Dataset items
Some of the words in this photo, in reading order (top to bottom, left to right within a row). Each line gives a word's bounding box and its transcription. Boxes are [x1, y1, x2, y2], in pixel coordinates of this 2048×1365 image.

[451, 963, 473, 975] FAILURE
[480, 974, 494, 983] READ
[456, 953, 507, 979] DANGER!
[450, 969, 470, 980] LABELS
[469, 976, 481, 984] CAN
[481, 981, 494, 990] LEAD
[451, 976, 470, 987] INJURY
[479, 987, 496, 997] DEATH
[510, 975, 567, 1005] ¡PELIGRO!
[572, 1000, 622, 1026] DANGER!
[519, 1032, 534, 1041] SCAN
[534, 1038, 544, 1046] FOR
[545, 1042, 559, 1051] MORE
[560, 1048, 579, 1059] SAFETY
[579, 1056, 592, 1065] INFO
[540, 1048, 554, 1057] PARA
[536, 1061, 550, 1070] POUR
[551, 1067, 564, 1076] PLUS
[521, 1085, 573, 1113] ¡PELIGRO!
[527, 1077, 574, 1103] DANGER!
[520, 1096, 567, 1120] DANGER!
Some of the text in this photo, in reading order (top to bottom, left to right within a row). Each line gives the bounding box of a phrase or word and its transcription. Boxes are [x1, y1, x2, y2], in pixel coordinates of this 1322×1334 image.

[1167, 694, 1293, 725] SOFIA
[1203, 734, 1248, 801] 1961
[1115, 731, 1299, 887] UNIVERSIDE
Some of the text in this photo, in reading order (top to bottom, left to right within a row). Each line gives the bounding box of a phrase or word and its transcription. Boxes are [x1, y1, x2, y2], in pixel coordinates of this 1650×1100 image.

Exercise description:
Go through the data above and transcribe every entry exactly.

Response to this task:
Some of the words in this photo, in reading order (top to bottom, left to right within a row). Each line gives a word's bounding box and its transcription. Boxes are [x1, y1, x2, y2], in pixel coordinates of this 2048×1365 image.

[451, 963, 473, 975] FAILURE
[480, 974, 494, 983] READ
[456, 953, 507, 979] DANGER!
[450, 969, 470, 980] LABELS
[469, 976, 481, 984] CAN
[481, 981, 494, 990] LEAD
[451, 976, 470, 987] INJURY
[479, 987, 496, 997] DEATH
[510, 975, 567, 1005] ¡PELIGRO!
[572, 1000, 622, 1026] DANGER!
[519, 1032, 534, 1041] SCAN
[534, 1038, 544, 1046] FOR
[545, 1042, 559, 1051] MORE
[560, 1048, 579, 1059] SAFETY
[579, 1056, 592, 1065] INFO
[540, 1048, 554, 1057] PARA
[536, 1061, 550, 1070] POUR
[551, 1067, 564, 1076] PLUS
[521, 1085, 573, 1113] ¡PELIGRO!
[527, 1077, 574, 1103] DANGER!
[520, 1096, 567, 1120] DANGER!
Some of the text in this photo, in reading order (top to bottom, left to right within a row). Each line gives the bounding box of a phrase or word and its transcription. Boxes are [x1, y1, x2, y2], in pixel coordinates of this 1322×1334 image.

[1167, 694, 1293, 725] SOFIA
[1203, 734, 1248, 801] 1961
[1115, 731, 1299, 887] UNIVERSIDE
Some of the text in this photo, in reading order (top to bottom, left to right within a row). Each line gives the bounding box of a phrase or word and its transcription. Boxes are [x1, y1, x2, y2], in pixel coordinates of this 1650×1100 image.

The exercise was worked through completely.